If no variant clearly outperforms the others, you can still review metrics like impressions, CR, and CTR to choose the most promising option.

A lack of significant difference indicates that the variants are likely to perform similarly over time. The test doesn’t guarantee one variant will outperform others, it simply ensures that, given your selected precision and confidence level, the results are statistically sound and comparable.

  • How do I choose between “switching ad groups” and “switching ads” for a test?

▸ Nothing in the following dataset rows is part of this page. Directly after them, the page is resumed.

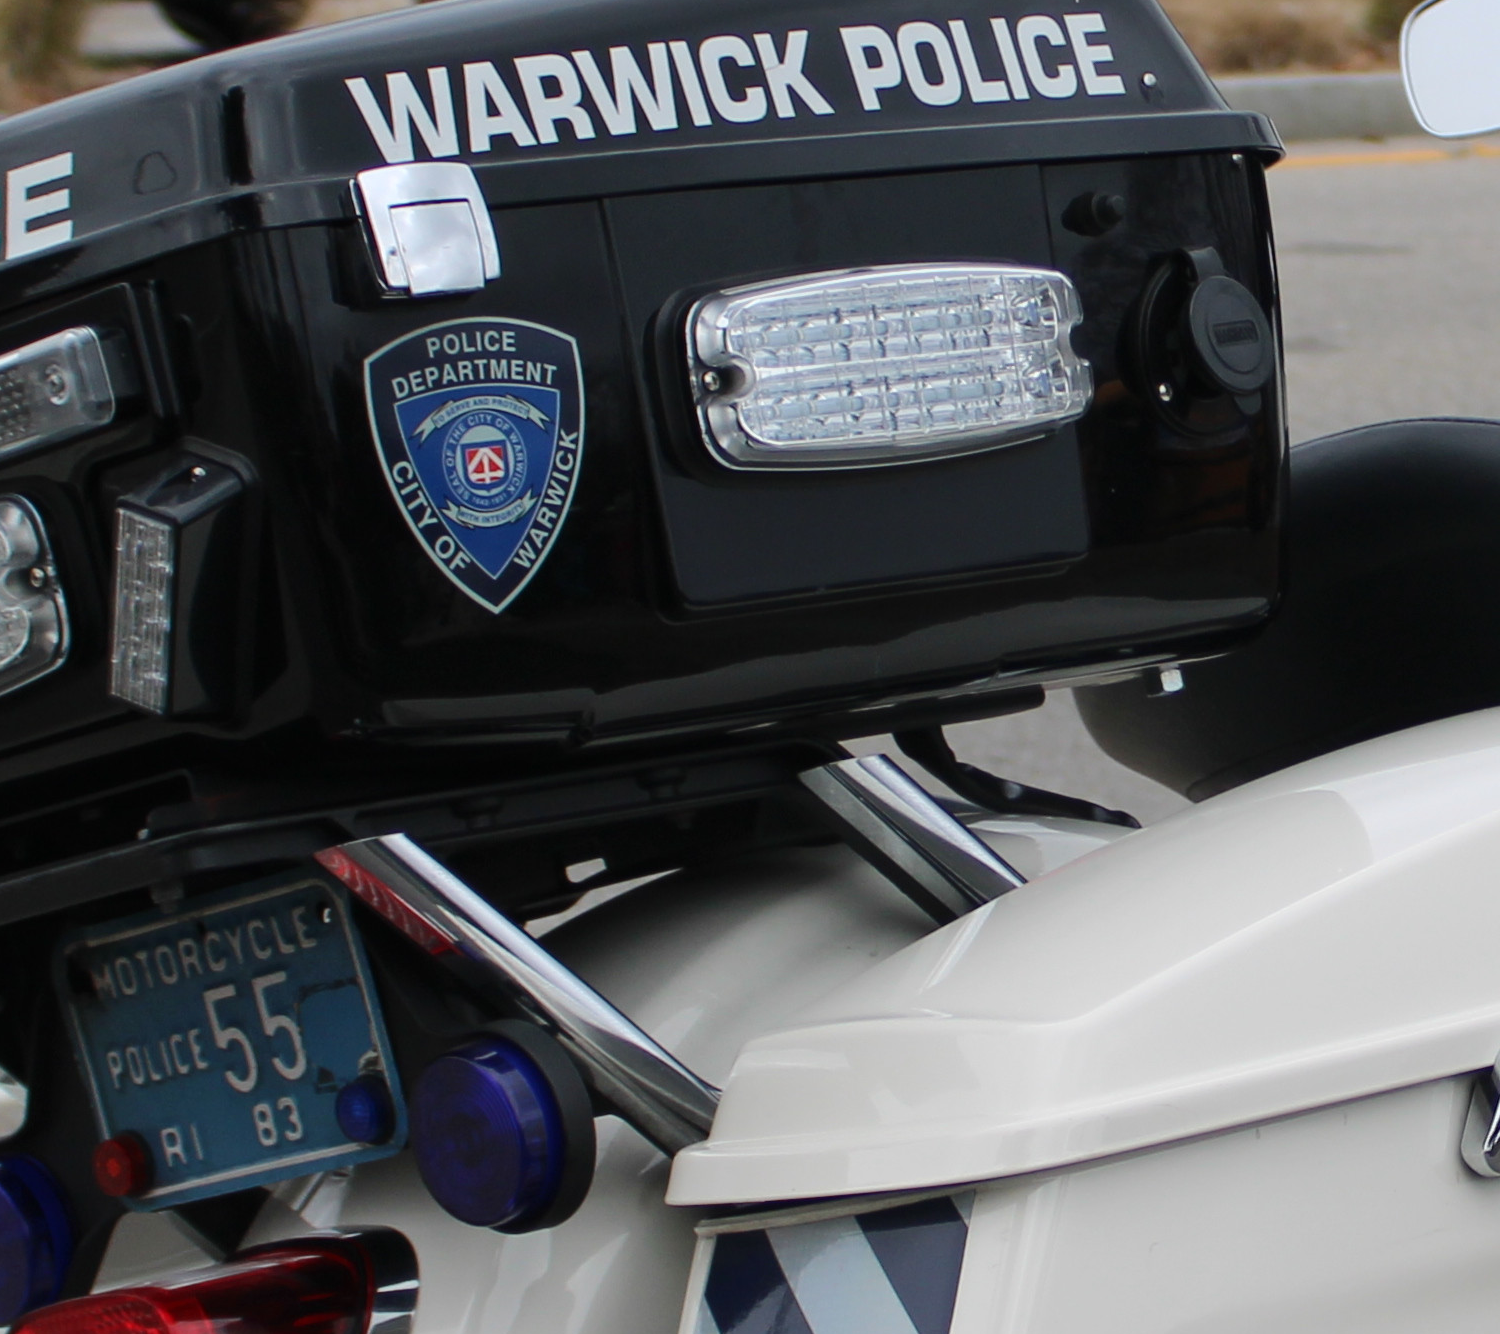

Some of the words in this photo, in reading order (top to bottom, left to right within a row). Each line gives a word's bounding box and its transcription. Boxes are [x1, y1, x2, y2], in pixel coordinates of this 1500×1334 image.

[345, 29, 834, 164] WARWICK
[840, 12, 1126, 113] POLICE
[391, 359, 557, 399] DEPARTMENT
[426, 331, 517, 358] POLICE
[449, 471, 471, 501] SEAL
[467, 412, 493, 427] CITY
[495, 417, 511, 432] OF
[513, 427, 578, 569] WARWICK
[392, 460, 438, 530] CITY
[434, 535, 471, 571] OF
[91, 905, 317, 999] MOTORCYCLE
[106, 1028, 209, 1089] POLICE
[203, 970, 307, 1093] 55
[160, 1123, 203, 1167] RI
[253, 1096, 303, 1147] 83
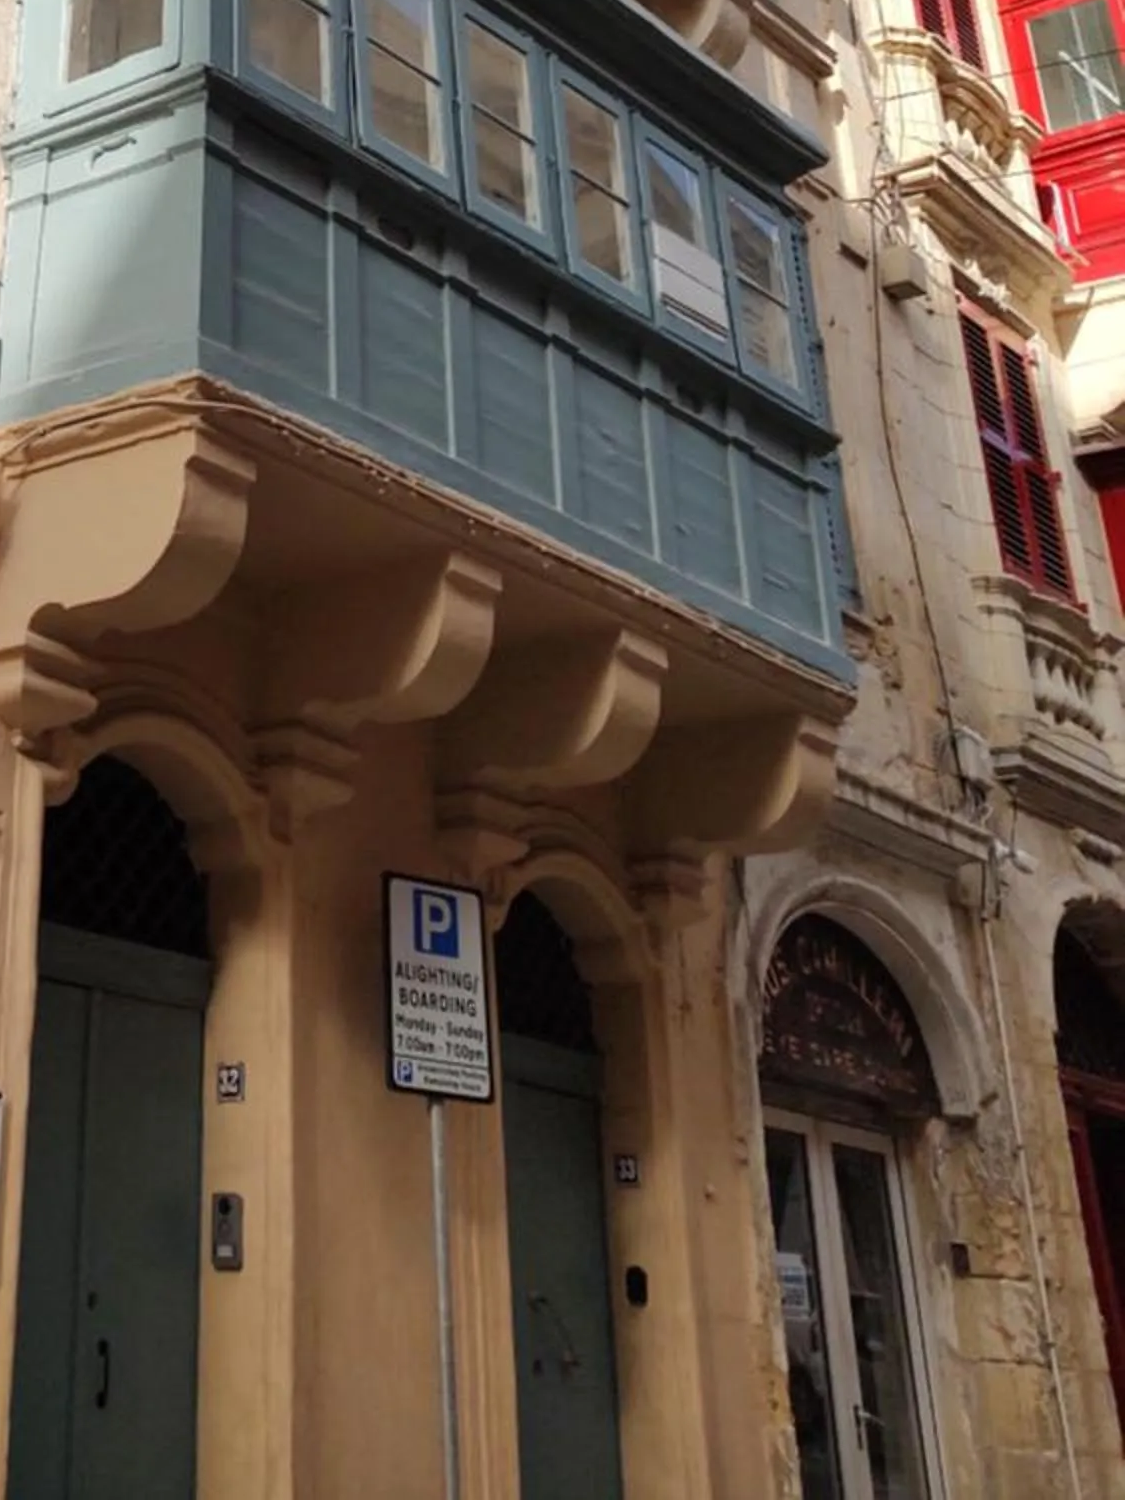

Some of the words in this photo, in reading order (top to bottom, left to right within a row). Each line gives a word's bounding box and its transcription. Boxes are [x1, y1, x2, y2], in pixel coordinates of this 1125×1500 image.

[421, 894, 453, 950] P
[395, 961, 479, 994] ALIGHTING/
[398, 986, 477, 1018] BOARDING
[395, 1013, 436, 1036] Monday
[446, 1021, 484, 1044] Sunday

Both methods test multiple custom product pages, but they differ in structure:

  • Switch Ads: The original ad group is used, and multiple ads are created within it, each linked to a different custom product pages. The system then rotates between these ads. Since one ad group is used in the "Switch Ads" method, you have the option to keep ongoing automated optimization running.
  • Switch Ad Groups: The original ad group is duplicated for each variant (along with the original). Each duplicated group is assigned one custom product pages, and the system enables/disables ad groups to rotate the variants. Automated optimizations are disabled during the test period.

The core logic of the test remains the same, so your choice may depend on your setup preferences or campaign management needs.

  • How does traffic stabilization work?

When multiple ad group variants run in parallel, Apple’s system automatically distributes traffic among them. However, since all variants share the same keywords, Apple may favor one variant and give it most of the traffic, leading to biased or misleading results.

To prevent this, users can enable “Stabilize Traffic.” Whe it’s enabled, the system monitors each variant’s traffic hourly. If one variant starts receiving disproportionately high traffic, it is temporarily paused to let others catch up. The system ensures that the difference in traffic distribution between the variant receiving the most traffic and the one receiving the least does not exceed 25%. This continuous monitoring ensures fair traffic distribution with minimal status changes.

  • Do I lose traffic when running CPP A/B Tests?

Some traffic loss is possible and expected during A/B testing. Because the system switches ad group statuses and Apple needs time to reflect these updates, you may observe a temporary dip in total traffic.

  • Can I create an A/B test for an ad group that I recently created?

No. To generate statistically valid results, the system requires historical data from the ad group. We use the previous month’s traffic as a benchmark to estimate the required test duration and traffic volume. The benchmark helps calculate the confidence level and precision of the results. In short, an ad group must have sufficient past data for the system to determine accurate and reliable outcomes. 

  • How do I shorten the test duration?

The total duration of a custom product page A/B test depends on your traffic volume, number of variants, and selected precision. To shorten your test while maintaining accuracy, you can:

    • Increase desired precision: Raising the margin of error from 1% to 3–5% reduces the amount of data required. This shortens the test but slightly reduces accuracy.
    • Use high-traffic ad groups:Select ad groups with higher daily taps and installs to reach the required sample size faster. 
    • Test fewer variants:Running two variants instead of four significantly decreases required traffic and test time.
    • Choose a longer switch interval for Switch tests:Daily or weekly switches help balance exposure faster in lower-traffic cases.
    • Ensure stable traffic: Fluctuating traffic extends the test duration since the system waits to capture data across consistent conditions.
  • What might affect the health of the test in a negative manner?

Actions that might affect the test health are: bid changes, budget changes and status changes of ad groups, campaigns and KWs. Since custom product pages are directly related to screenshots, custom product page assignments should be stable and screenshots should not be changed. Description changes might also affect the performance of the ad group positively or negatively, so for a healthy test result, it should also be stable during the test.